27 septembre 2015

Un point sur l'activité des volcans Cotopaxi et Telica

Cotopaxi, Equateur, 5911m

L'activité interne au volcan reste très supérieure à la normale, en contraste avec les manifestations externes qui, elles, sont revenues à un dégazage, certes important, mais bien moindre que ce que l'on a vu en août et début septembre. C'est toutefois l'activité interne qu'il faut regarder en premier lieu, avec la sismicité en tête de liste.
Celle-ci reste,d'après les bulletins de l'IGEPN, dominée par des secousses d'origine volcano-tectoniques qui ont même connu une phase d'augmentation la semaine dernière.

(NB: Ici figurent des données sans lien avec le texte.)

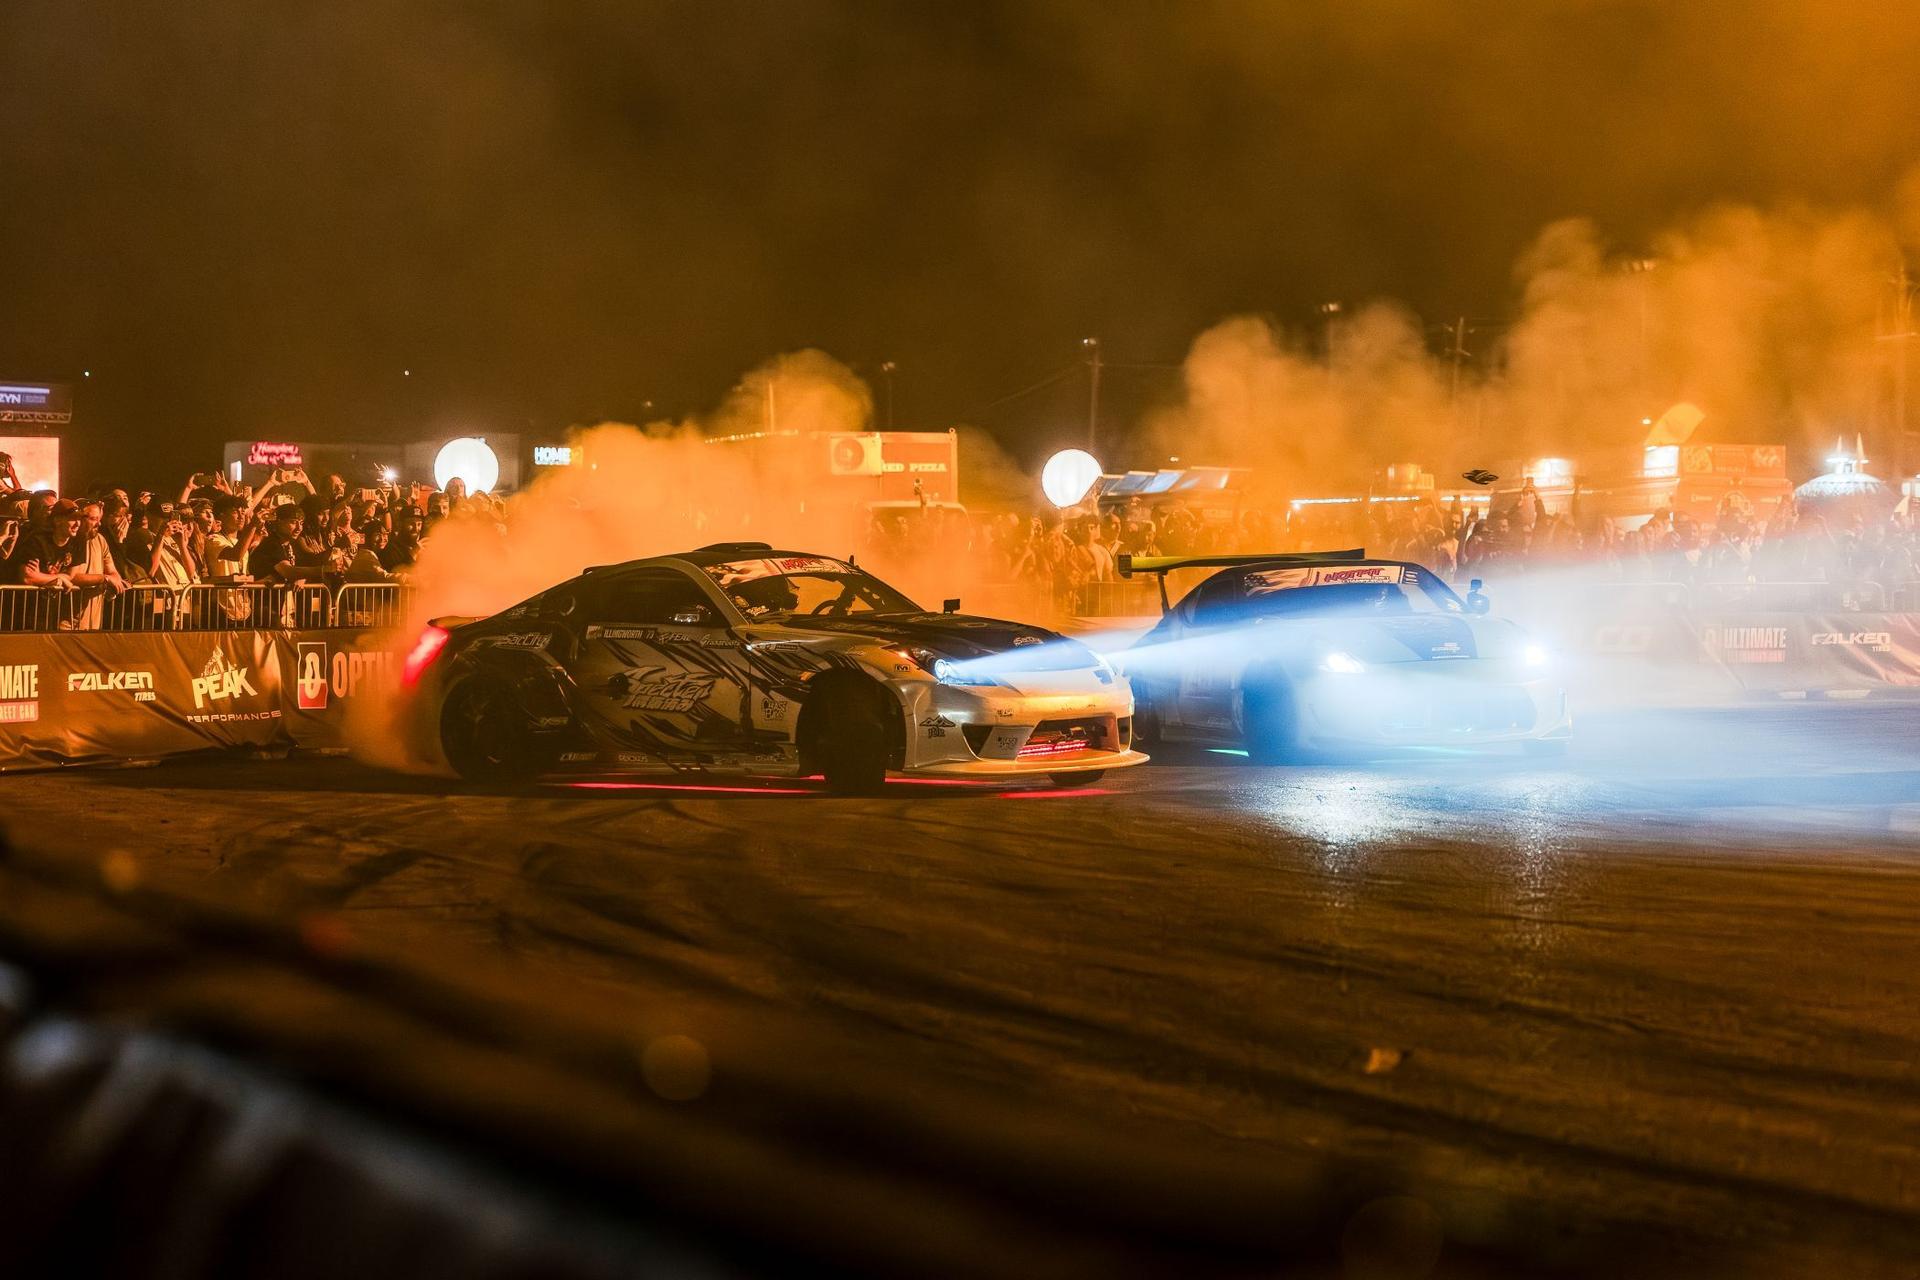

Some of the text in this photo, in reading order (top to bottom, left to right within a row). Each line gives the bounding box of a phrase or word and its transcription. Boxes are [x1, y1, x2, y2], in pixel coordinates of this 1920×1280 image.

[1724, 628, 1787, 649] ULTIMATE
[1812, 633, 1890, 645] FALKEN
[67, 672, 153, 691] FALKEN
[192, 667, 258, 709] PEAK
[187, 710, 281, 722] PERFORMANCE

Ces secousses sont dues à la rupture de roches sous l'effet de la pression de fluides et/ou d'une masse de magma. Ces secousses
se répartissent sur tout le système d'alimentation (la plomberie) de l'édifice depuis le sommet du volcan jusqu'à 12 km de profondeur. Il semble donc que l'activité magmatique (interne) ne soit pas calmée, et la manière dont le magma responsable de la crise en cours va poursuivre sa migration sera le paramètre clé de la suite des événements, avec ses caractéristiques propres (viscosité, teneur en gaz en premier lieu).
Les manifestations de surface ne sont toutefois pas en reste puisque le dégazage s'accompagne de lueurs incandescentes, photographiées hier matin, dans le cratère.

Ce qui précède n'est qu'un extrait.